SUPPLIED MATERIAL Block Start

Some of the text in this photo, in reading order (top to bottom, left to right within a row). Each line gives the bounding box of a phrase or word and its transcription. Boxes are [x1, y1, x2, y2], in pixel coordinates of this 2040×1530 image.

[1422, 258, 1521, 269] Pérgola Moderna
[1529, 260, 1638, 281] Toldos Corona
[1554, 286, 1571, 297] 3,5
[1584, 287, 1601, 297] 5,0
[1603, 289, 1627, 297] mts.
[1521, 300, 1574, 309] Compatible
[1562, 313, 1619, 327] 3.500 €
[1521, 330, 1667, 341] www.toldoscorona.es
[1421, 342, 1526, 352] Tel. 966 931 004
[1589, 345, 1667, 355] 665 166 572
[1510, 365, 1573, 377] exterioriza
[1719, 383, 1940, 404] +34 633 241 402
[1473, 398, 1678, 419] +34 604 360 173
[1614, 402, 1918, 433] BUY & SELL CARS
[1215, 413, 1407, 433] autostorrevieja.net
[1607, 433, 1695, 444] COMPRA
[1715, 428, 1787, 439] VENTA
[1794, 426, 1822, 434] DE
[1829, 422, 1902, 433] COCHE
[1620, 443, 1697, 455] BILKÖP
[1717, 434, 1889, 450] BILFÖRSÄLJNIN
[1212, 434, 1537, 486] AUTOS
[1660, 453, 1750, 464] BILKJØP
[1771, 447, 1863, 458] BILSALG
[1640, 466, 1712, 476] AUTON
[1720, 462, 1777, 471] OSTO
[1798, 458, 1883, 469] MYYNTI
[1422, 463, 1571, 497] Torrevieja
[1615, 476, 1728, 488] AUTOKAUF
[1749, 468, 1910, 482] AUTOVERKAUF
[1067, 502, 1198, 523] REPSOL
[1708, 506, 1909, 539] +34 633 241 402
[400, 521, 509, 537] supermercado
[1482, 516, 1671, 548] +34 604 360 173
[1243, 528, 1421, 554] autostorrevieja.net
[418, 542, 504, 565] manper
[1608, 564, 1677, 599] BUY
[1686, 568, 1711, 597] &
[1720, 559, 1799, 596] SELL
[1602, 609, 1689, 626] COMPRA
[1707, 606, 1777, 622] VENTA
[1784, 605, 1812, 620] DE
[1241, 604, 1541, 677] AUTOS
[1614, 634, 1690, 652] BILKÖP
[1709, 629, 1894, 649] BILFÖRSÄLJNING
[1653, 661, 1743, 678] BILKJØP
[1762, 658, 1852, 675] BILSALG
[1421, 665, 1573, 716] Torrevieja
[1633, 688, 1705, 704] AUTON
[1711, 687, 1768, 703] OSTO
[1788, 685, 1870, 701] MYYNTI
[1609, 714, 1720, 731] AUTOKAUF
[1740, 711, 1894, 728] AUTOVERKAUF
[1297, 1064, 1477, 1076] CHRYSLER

SUPPLIED MATERIAL Block End

* REQUIRED ACTION:
Copy out whichever lines of the listing contain the word "autostorrevieja".

* WRITTEN ANSWER:
[1215, 413, 1407, 433] autostorrevieja.net
[1243, 528, 1421, 554] autostorrevieja.net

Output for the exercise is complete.